Segment Start: DATA PROVIDED

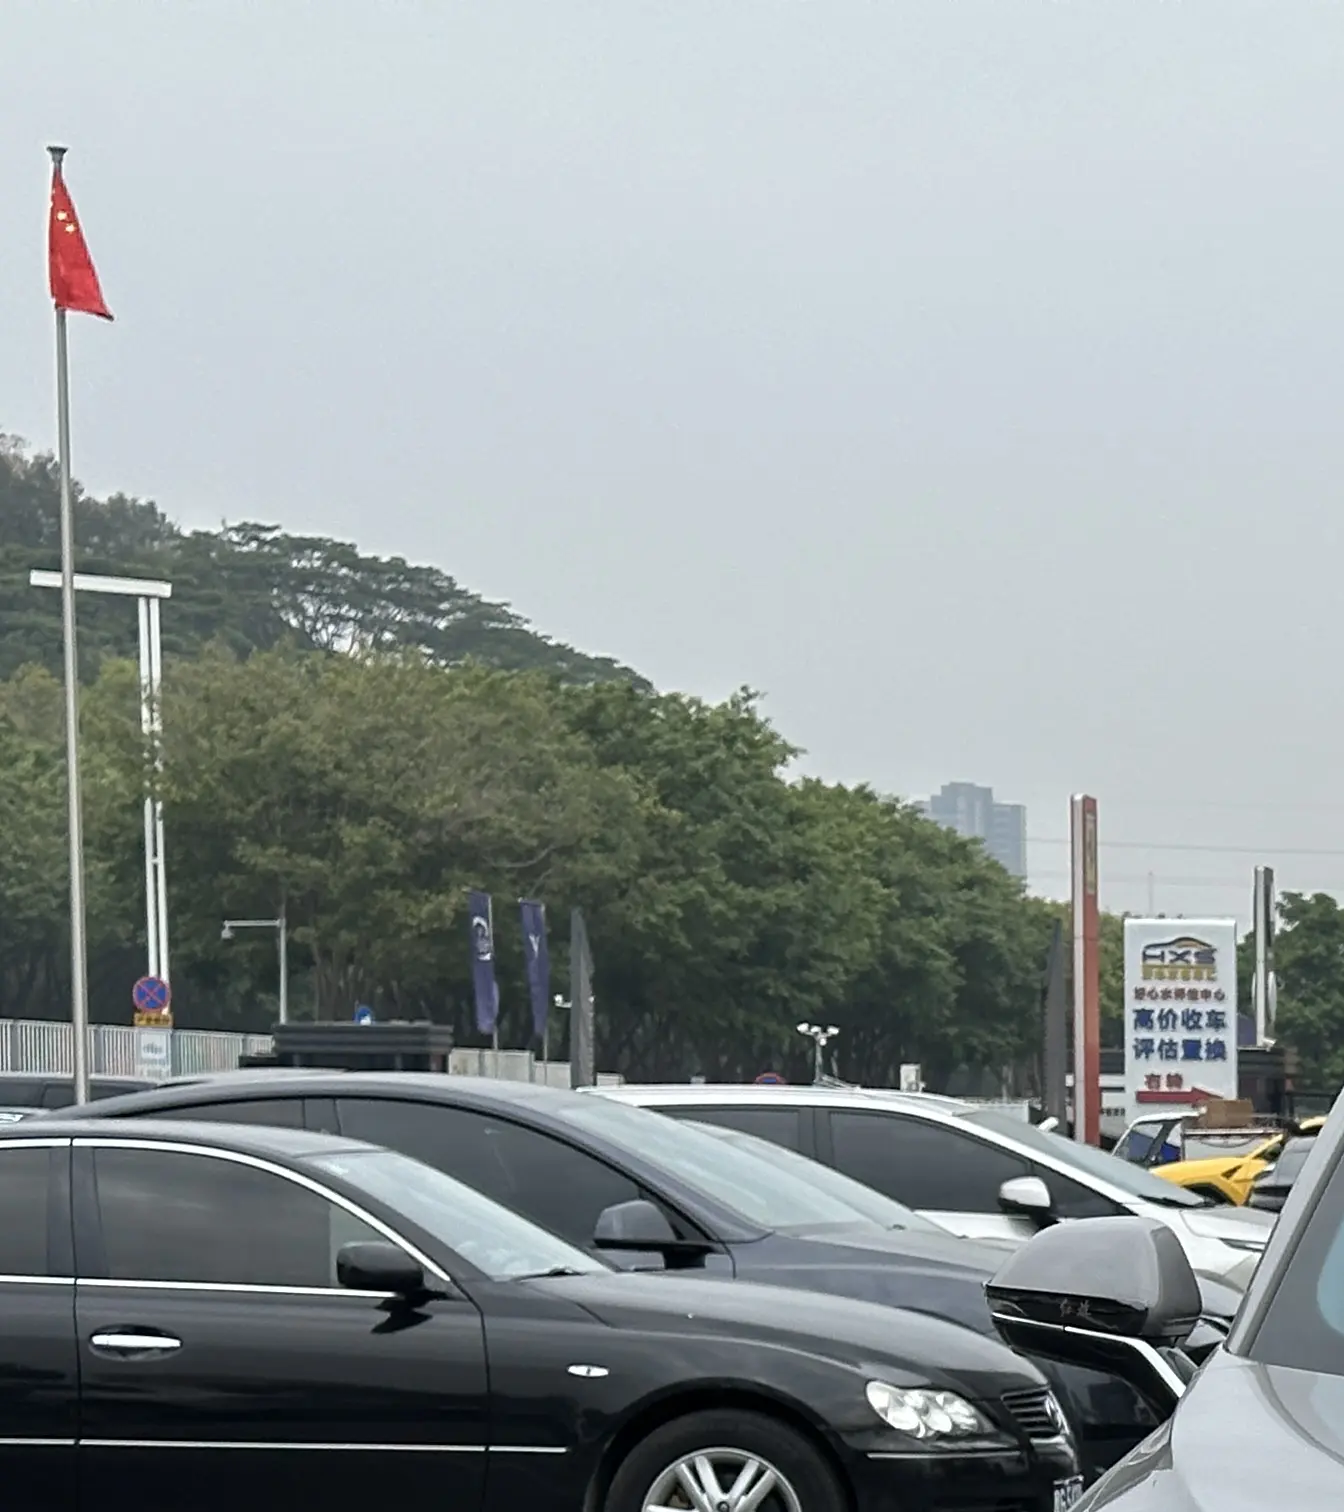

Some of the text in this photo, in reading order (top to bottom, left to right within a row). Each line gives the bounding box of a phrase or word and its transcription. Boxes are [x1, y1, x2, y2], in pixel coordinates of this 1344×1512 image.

[1132, 1007, 1227, 1032] 高价收车
[1132, 1036, 1228, 1062] 评估置换
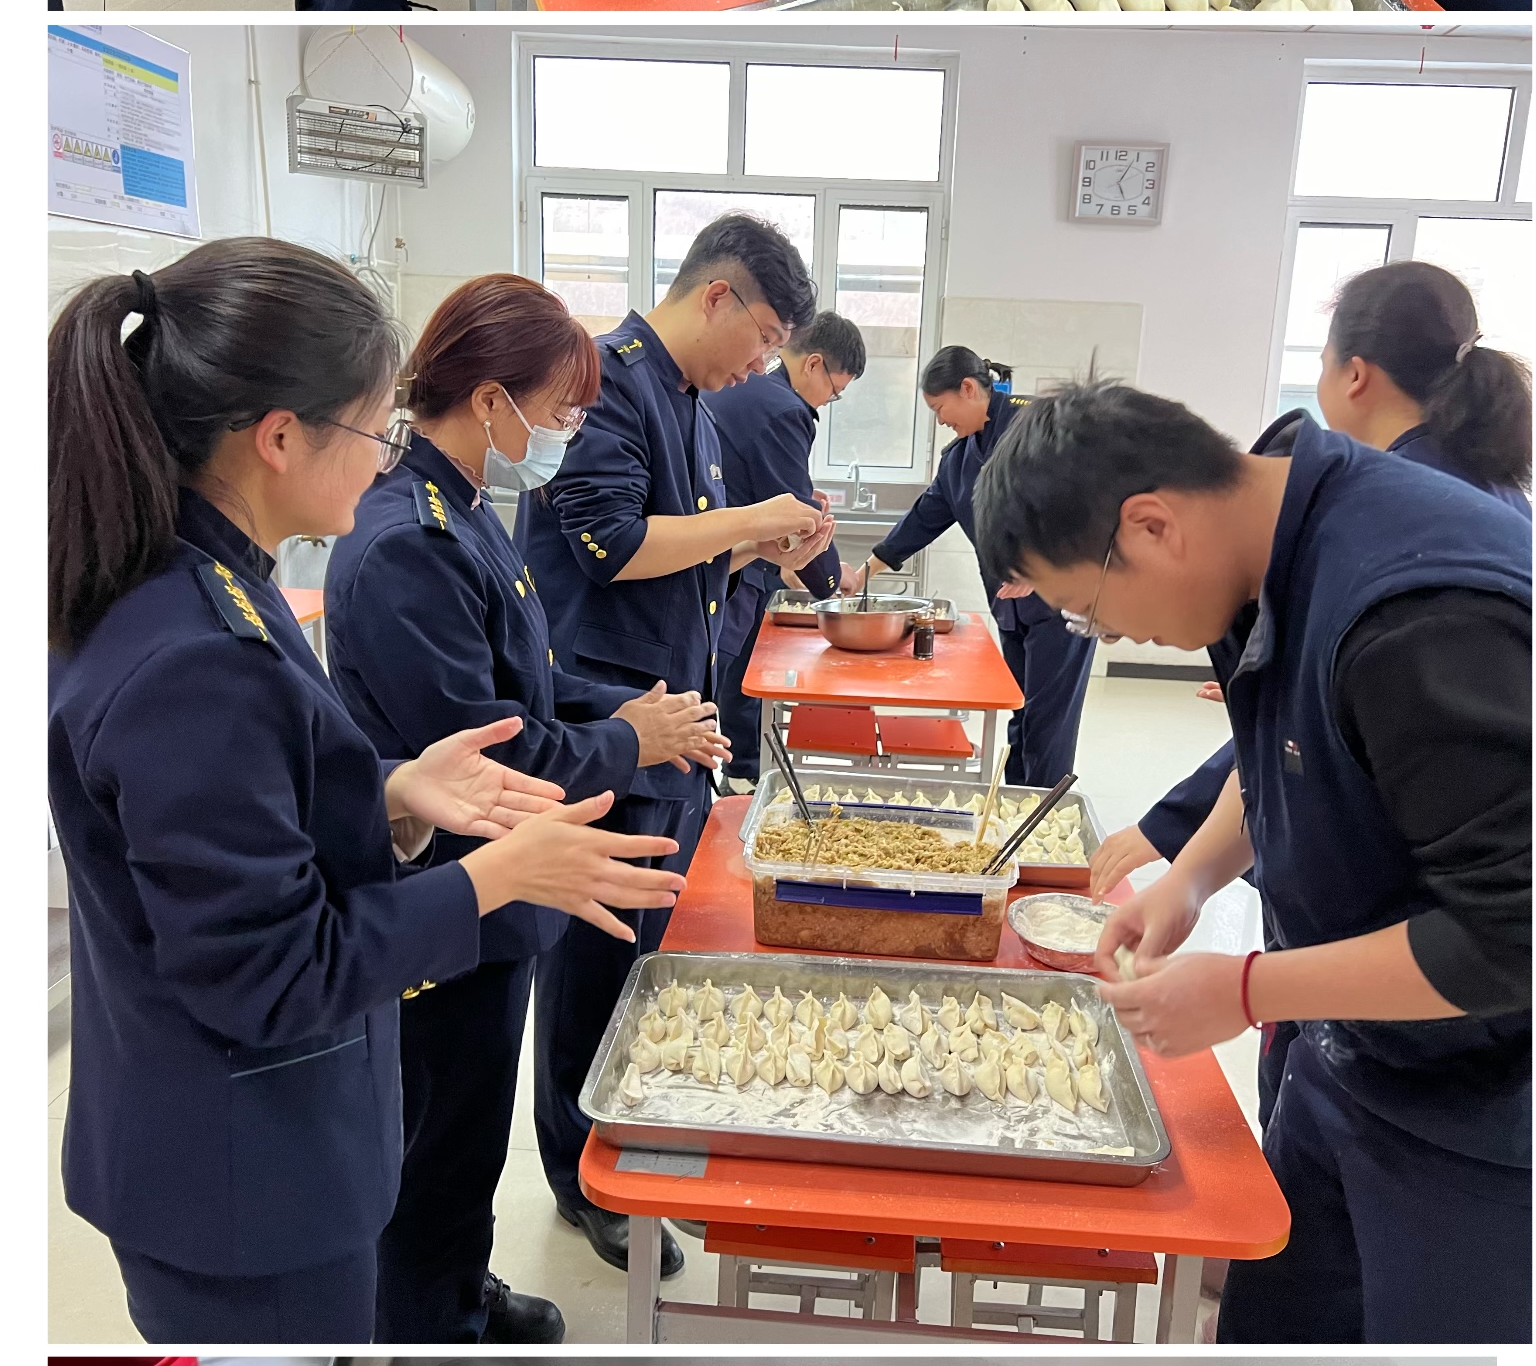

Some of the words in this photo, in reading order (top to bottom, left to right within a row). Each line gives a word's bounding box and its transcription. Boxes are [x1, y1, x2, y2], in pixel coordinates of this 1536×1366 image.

[1100, 151, 1109, 161] 11
[1114, 150, 1128, 161] 12
[1136, 152, 1140, 162] 1
[1085, 159, 1096, 170] 10
[1145, 161, 1155, 172] 2
[1082, 177, 1091, 187] 9
[1145, 178, 1155, 189] 3
[1082, 194, 1091, 204] 8
[1141, 196, 1151, 206] 4
[1095, 203, 1104, 214] 7
[1110, 205, 1120, 215] 6
[1127, 205, 1137, 215] 5
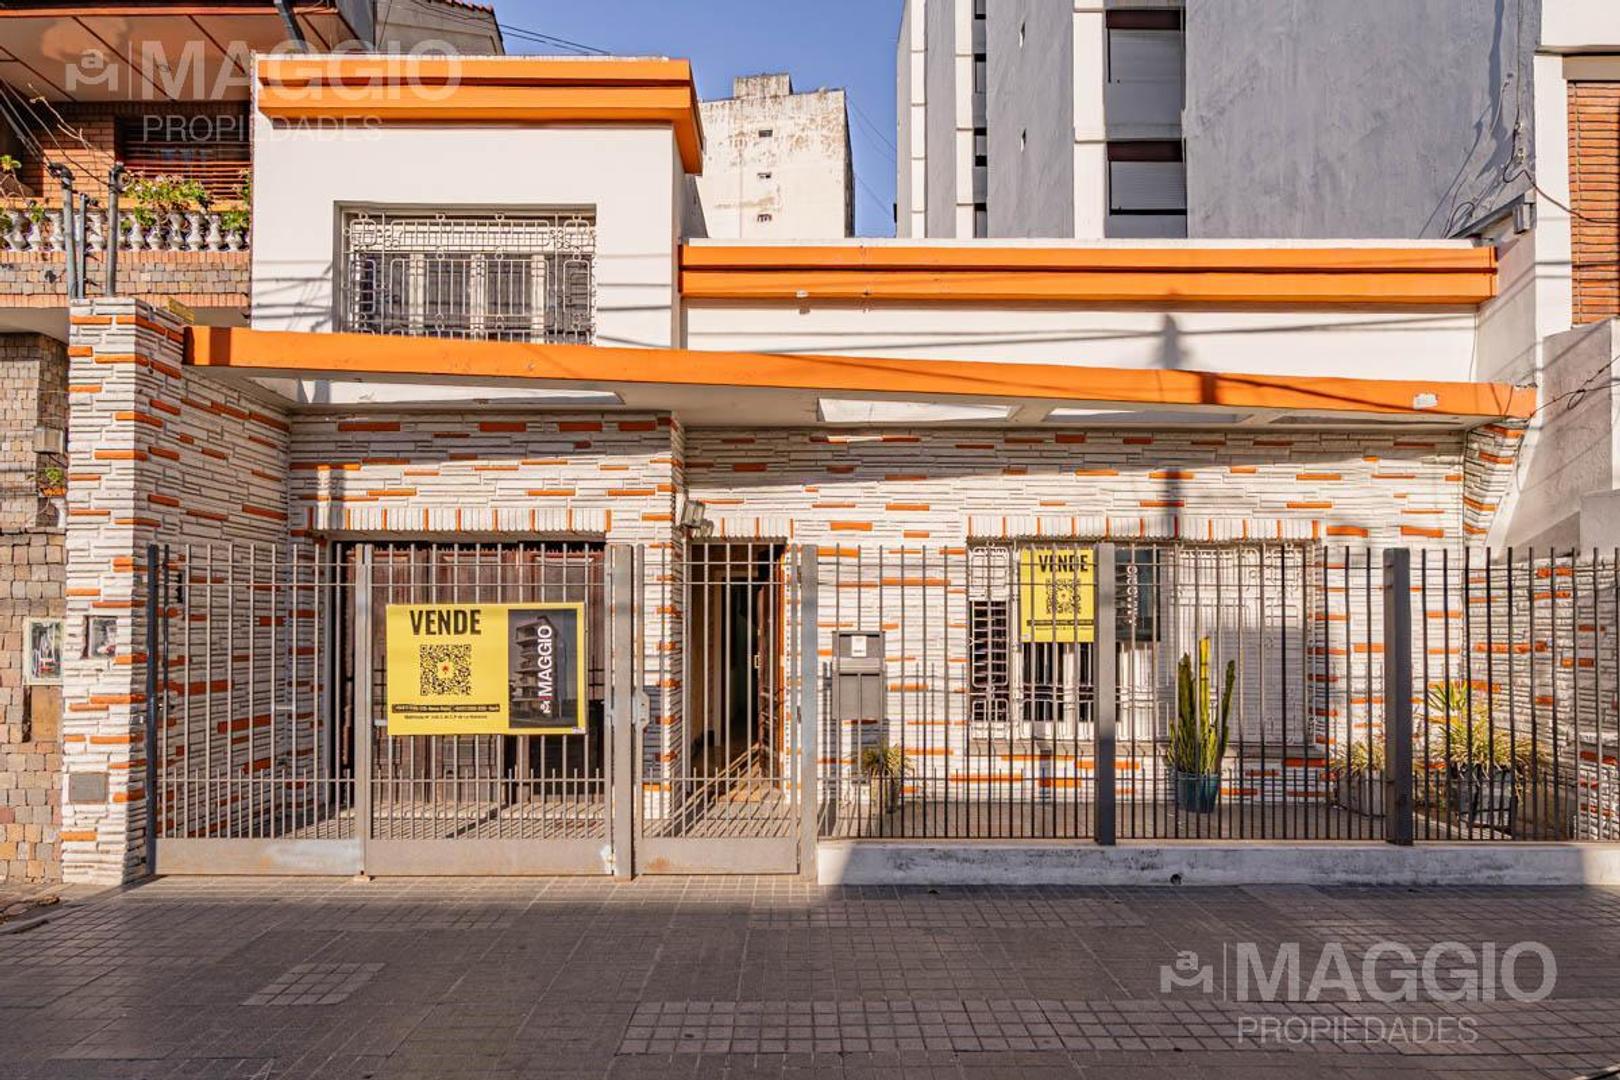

Segment End: DATA PROVIDED

*TASK STATEMENT*.
Leaving out the pictures, restate the listing above exactly.

*SOLUTION TO THE EXERCISE*.
Some of the text in this photo, in reading order (top to bottom, left to right within a row). Each line gives the bounding box of a phrase or word and its transcription. Boxes are [x1, y1, x2, y2], in pixel coordinates of this 1344×1512 image.

[1132, 1007, 1227, 1032] 高价收车
[1132, 1036, 1228, 1062] 评估置换

Some of the words in this photo, in reading order (top to bottom, left to right within a row). Each line gives a word's bounding box and its transcription. Boxes are [x1, y1, x2, y2], in pixel coordinates of this 1536×1366 image.

[1100, 151, 1109, 161] 11
[1114, 150, 1128, 161] 12
[1136, 152, 1140, 162] 1
[1085, 159, 1096, 170] 10
[1145, 161, 1155, 172] 2
[1082, 177, 1091, 187] 9
[1145, 178, 1155, 189] 3
[1082, 194, 1091, 204] 8
[1141, 196, 1151, 206] 4
[1095, 203, 1104, 214] 7
[1110, 205, 1120, 215] 6
[1127, 205, 1137, 215] 5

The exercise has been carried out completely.